• **WHAT TO DO**
Extract the complete data exactly as given.

• **TASK DATA**
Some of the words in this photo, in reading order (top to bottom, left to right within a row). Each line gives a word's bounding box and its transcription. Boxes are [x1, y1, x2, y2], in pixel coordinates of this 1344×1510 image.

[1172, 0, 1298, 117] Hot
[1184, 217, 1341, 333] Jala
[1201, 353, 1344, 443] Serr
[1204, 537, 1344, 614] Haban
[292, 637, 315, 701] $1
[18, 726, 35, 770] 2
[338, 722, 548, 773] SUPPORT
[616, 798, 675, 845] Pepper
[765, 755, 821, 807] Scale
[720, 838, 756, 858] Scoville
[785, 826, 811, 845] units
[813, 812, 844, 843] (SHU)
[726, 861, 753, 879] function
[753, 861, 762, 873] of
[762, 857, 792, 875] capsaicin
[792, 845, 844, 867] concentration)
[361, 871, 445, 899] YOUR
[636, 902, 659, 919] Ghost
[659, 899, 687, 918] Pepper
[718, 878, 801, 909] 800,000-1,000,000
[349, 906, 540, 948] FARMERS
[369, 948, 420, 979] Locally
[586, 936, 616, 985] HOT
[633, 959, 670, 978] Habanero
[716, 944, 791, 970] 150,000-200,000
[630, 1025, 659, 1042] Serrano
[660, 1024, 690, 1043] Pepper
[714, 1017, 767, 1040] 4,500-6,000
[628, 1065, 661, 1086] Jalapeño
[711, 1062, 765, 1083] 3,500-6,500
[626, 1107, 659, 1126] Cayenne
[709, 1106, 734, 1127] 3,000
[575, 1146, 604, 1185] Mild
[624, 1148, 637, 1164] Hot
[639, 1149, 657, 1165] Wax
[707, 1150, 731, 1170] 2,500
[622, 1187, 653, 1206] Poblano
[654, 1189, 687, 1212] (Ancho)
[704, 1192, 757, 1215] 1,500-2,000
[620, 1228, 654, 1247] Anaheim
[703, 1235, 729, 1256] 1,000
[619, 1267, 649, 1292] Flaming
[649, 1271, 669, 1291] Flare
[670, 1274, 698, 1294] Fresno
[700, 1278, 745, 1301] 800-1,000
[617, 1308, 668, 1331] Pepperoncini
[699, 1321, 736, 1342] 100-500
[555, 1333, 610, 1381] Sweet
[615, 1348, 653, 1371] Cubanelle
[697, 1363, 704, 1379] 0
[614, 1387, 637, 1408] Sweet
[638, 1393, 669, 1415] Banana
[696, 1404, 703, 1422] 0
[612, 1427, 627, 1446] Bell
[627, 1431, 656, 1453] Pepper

• **TASK RESPONSE**
Some of the words in this photo, in reading order (top to bottom, left to right within a row). Each line gives a word's bounding box and its transcription. Boxes are [x1, y1, x2, y2], in pixel coordinates of this 1344×1510 image.

[1172, 0, 1298, 117] Hot
[1184, 217, 1341, 333] Jala
[1201, 353, 1344, 443] Serr
[1204, 537, 1344, 614] Haban
[292, 637, 315, 701] $1
[18, 726, 35, 770] 2
[338, 722, 548, 773] SUPPORT
[616, 798, 675, 845] Pepper
[765, 755, 821, 807] Scale
[720, 838, 756, 858] Scoville
[785, 826, 811, 845] units
[813, 812, 844, 843] (SHU)
[726, 861, 753, 879] function
[753, 861, 762, 873] of
[762, 857, 792, 875] capsaicin
[792, 845, 844, 867] concentration)
[361, 871, 445, 899] YOUR
[636, 902, 659, 919] Ghost
[659, 899, 687, 918] Pepper
[718, 878, 801, 909] 800,000-1,000,000
[349, 906, 540, 948] FARMERS
[369, 948, 420, 979] Locally
[586, 936, 616, 985] HOT
[633, 959, 670, 978] Habanero
[716, 944, 791, 970] 150,000-200,000
[630, 1025, 659, 1042] Serrano
[660, 1024, 690, 1043] Pepper
[714, 1017, 767, 1040] 4,500-6,000
[628, 1065, 661, 1086] Jalapeño
[711, 1062, 765, 1083] 3,500-6,500
[626, 1107, 659, 1126] Cayenne
[709, 1106, 734, 1127] 3,000
[575, 1146, 604, 1185] Mild
[624, 1148, 637, 1164] Hot
[639, 1149, 657, 1165] Wax
[707, 1150, 731, 1170] 2,500
[622, 1187, 653, 1206] Poblano
[654, 1189, 687, 1212] (Ancho)
[704, 1192, 757, 1215] 1,500-2,000
[620, 1228, 654, 1247] Anaheim
[703, 1235, 729, 1256] 1,000
[619, 1267, 649, 1292] Flaming
[649, 1271, 669, 1291] Flare
[670, 1274, 698, 1294] Fresno
[700, 1278, 745, 1301] 800-1,000
[617, 1308, 668, 1331] Pepperoncini
[699, 1321, 736, 1342] 100-500
[555, 1333, 610, 1381] Sweet
[615, 1348, 653, 1371] Cubanelle
[697, 1363, 704, 1379] 0
[614, 1387, 637, 1408] Sweet
[638, 1393, 669, 1415] Banana
[696, 1404, 703, 1422] 0
[612, 1427, 627, 1446] Bell
[627, 1431, 656, 1453] Pepper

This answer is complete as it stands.